**Records supplied:**
§ §

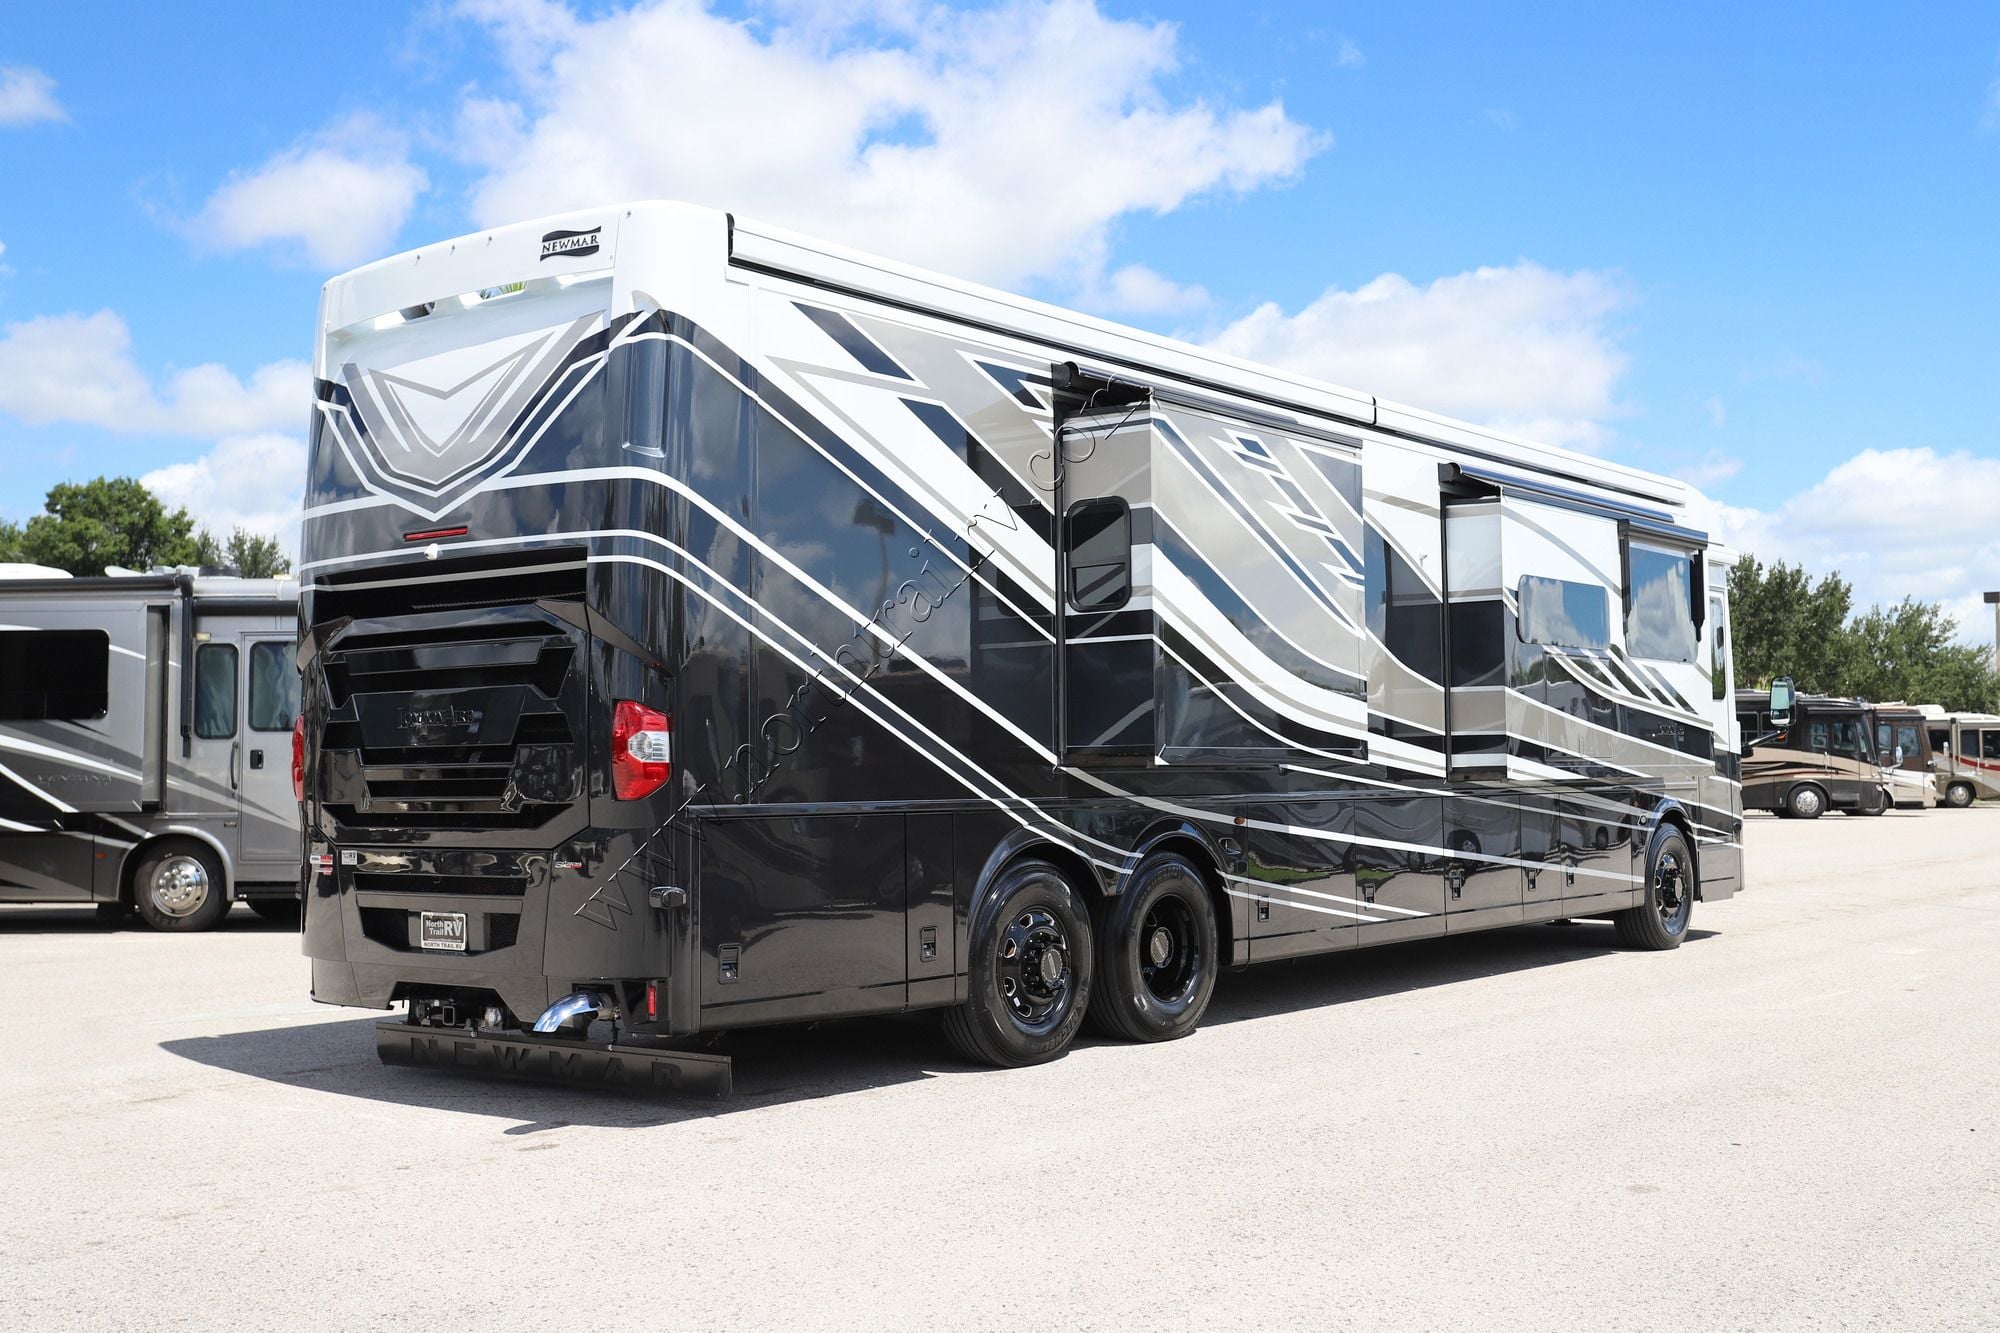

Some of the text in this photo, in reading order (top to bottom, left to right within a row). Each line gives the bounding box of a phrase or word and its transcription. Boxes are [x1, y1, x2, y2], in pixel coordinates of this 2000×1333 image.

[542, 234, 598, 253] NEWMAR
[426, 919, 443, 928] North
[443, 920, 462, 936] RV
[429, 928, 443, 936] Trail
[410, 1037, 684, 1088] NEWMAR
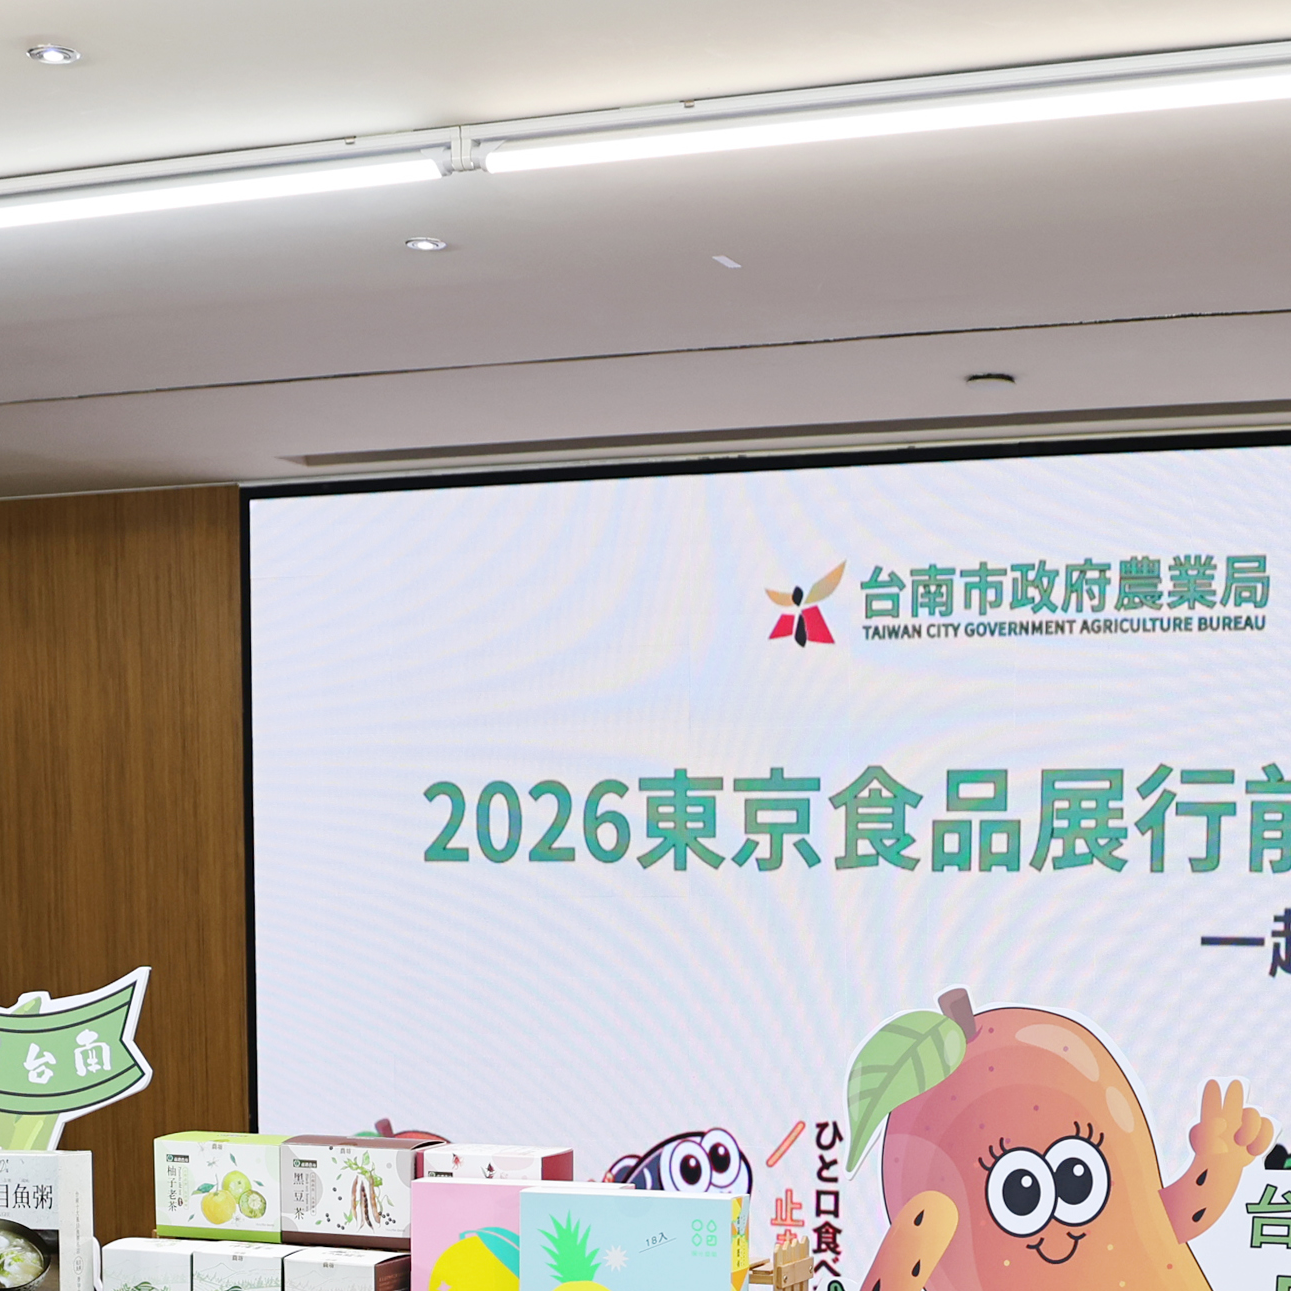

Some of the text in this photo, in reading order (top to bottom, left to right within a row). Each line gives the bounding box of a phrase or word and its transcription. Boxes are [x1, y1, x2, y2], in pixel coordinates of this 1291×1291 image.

§ §

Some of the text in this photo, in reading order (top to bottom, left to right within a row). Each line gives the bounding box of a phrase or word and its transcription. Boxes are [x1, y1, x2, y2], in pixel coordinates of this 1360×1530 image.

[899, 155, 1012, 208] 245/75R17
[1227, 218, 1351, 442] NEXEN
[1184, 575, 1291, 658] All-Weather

§ §

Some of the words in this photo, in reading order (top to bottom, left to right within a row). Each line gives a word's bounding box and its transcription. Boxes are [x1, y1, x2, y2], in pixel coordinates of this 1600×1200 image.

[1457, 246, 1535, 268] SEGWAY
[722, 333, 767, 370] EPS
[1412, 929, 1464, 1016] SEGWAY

§ §

**Your goal:**
Give the lines above again exactly, from the one containing "this 2000×1333 image." to the one containing "this 1291×1291 image.", both included, but leave out the pictures.

**Your solution:**
Some of the text in this photo, in reading order (top to bottom, left to right within a row). Each line gives the bounding box of a phrase or word and its transcription. Boxes are [x1, y1, x2, y2], in pixel coordinates of this 2000×1333 image.

[542, 234, 598, 253] NEWMAR
[426, 919, 443, 928] North
[443, 920, 462, 936] RV
[429, 928, 443, 936] Trail
[410, 1037, 684, 1088] NEWMAR

Some of the text in this photo, in reading order (top to bottom, left to right within a row). Each line gives the bounding box of a phrase or word and its transcription. Boxes are [x1, y1, x2, y2], in pixel coordinates of this 1291×1291 image.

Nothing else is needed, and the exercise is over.